*** Opening RECORDS TO USE ***
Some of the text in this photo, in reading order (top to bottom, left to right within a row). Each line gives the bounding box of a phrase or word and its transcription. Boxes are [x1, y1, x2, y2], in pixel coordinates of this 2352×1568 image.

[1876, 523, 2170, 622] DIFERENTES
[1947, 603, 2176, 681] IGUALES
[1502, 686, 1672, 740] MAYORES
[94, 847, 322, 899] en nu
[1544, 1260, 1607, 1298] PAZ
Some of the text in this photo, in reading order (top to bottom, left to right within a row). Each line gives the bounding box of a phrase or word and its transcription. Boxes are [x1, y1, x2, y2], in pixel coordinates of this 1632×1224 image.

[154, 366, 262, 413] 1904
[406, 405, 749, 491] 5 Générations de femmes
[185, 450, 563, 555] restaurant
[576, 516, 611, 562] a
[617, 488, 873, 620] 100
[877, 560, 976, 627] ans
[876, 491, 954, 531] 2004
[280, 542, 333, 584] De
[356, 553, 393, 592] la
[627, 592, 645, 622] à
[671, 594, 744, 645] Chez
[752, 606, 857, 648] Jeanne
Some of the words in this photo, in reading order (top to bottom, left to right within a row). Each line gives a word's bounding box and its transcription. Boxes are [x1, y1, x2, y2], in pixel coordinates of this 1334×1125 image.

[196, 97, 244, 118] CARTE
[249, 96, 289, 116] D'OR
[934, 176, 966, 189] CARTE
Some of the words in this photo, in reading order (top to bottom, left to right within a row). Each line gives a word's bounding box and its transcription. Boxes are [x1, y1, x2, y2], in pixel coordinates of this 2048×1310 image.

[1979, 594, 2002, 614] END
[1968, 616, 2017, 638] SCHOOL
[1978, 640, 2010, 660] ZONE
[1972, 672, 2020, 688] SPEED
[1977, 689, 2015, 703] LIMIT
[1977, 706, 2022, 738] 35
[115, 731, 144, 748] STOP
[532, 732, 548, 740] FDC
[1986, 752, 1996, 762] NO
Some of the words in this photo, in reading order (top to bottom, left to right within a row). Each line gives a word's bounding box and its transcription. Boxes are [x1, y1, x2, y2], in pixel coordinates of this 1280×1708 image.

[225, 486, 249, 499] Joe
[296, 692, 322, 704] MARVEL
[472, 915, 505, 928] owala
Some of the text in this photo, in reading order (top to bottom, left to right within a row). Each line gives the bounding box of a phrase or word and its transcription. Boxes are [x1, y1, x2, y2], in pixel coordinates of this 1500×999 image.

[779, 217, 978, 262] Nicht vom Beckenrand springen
*** Closing RECORDS TO USE ***
Print each entry precisely. Include every line.

:: ANSWER FOR THE TASK ::
Some of the text in this photo, in reading order (top to bottom, left to right within a row). Each line gives the bounding box of a phrase or word and its transcription. Boxes are [x1, y1, x2, y2], in pixel coordinates of this 2352×1568 image.

[1876, 523, 2170, 622] DIFERENTES
[1947, 603, 2176, 681] IGUALES
[1502, 686, 1672, 740] MAYORES
[94, 847, 322, 899] en nu
[1544, 1260, 1607, 1298] PAZ
Some of the text in this photo, in reading order (top to bottom, left to right within a row). Each line gives the bounding box of a phrase or word and its transcription. Boxes are [x1, y1, x2, y2], in pixel coordinates of this 1632×1224 image.

[154, 366, 262, 413] 1904
[406, 405, 749, 491] 5 Générations de femmes
[185, 450, 563, 555] restaurant
[576, 516, 611, 562] a
[617, 488, 873, 620] 100
[877, 560, 976, 627] ans
[876, 491, 954, 531] 2004
[280, 542, 333, 584] De
[356, 553, 393, 592] la
[627, 592, 645, 622] à
[671, 594, 744, 645] Chez
[752, 606, 857, 648] Jeanne
Some of the words in this photo, in reading order (top to bottom, left to right within a row). Each line gives a word's bounding box and its transcription. Boxes are [x1, y1, x2, y2], in pixel coordinates of this 1334×1125 image.

[196, 97, 244, 118] CARTE
[249, 96, 289, 116] D'OR
[934, 176, 966, 189] CARTE
Some of the words in this photo, in reading order (top to bottom, left to right within a row). Each line gives a word's bounding box and its transcription. Boxes are [x1, y1, x2, y2], in pixel coordinates of this 2048×1310 image.

[1979, 594, 2002, 614] END
[1968, 616, 2017, 638] SCHOOL
[1978, 640, 2010, 660] ZONE
[1972, 672, 2020, 688] SPEED
[1977, 689, 2015, 703] LIMIT
[1977, 706, 2022, 738] 35
[115, 731, 144, 748] STOP
[532, 732, 548, 740] FDC
[1986, 752, 1996, 762] NO
Some of the words in this photo, in reading order (top to bottom, left to right within a row). Each line gives a word's bounding box and its transcription. Boxes are [x1, y1, x2, y2], in pixel coordinates of this 1280×1708 image.

[225, 486, 249, 499] Joe
[296, 692, 322, 704] MARVEL
[472, 915, 505, 928] owala
Some of the text in this photo, in reading order (top to bottom, left to right within a row). Each line gives the bounding box of a phrase or word and its transcription. Boxes are [x1, y1, x2, y2], in pixel coordinates of this 1500×999 image.

[779, 217, 978, 262] Nicht vom Beckenrand springen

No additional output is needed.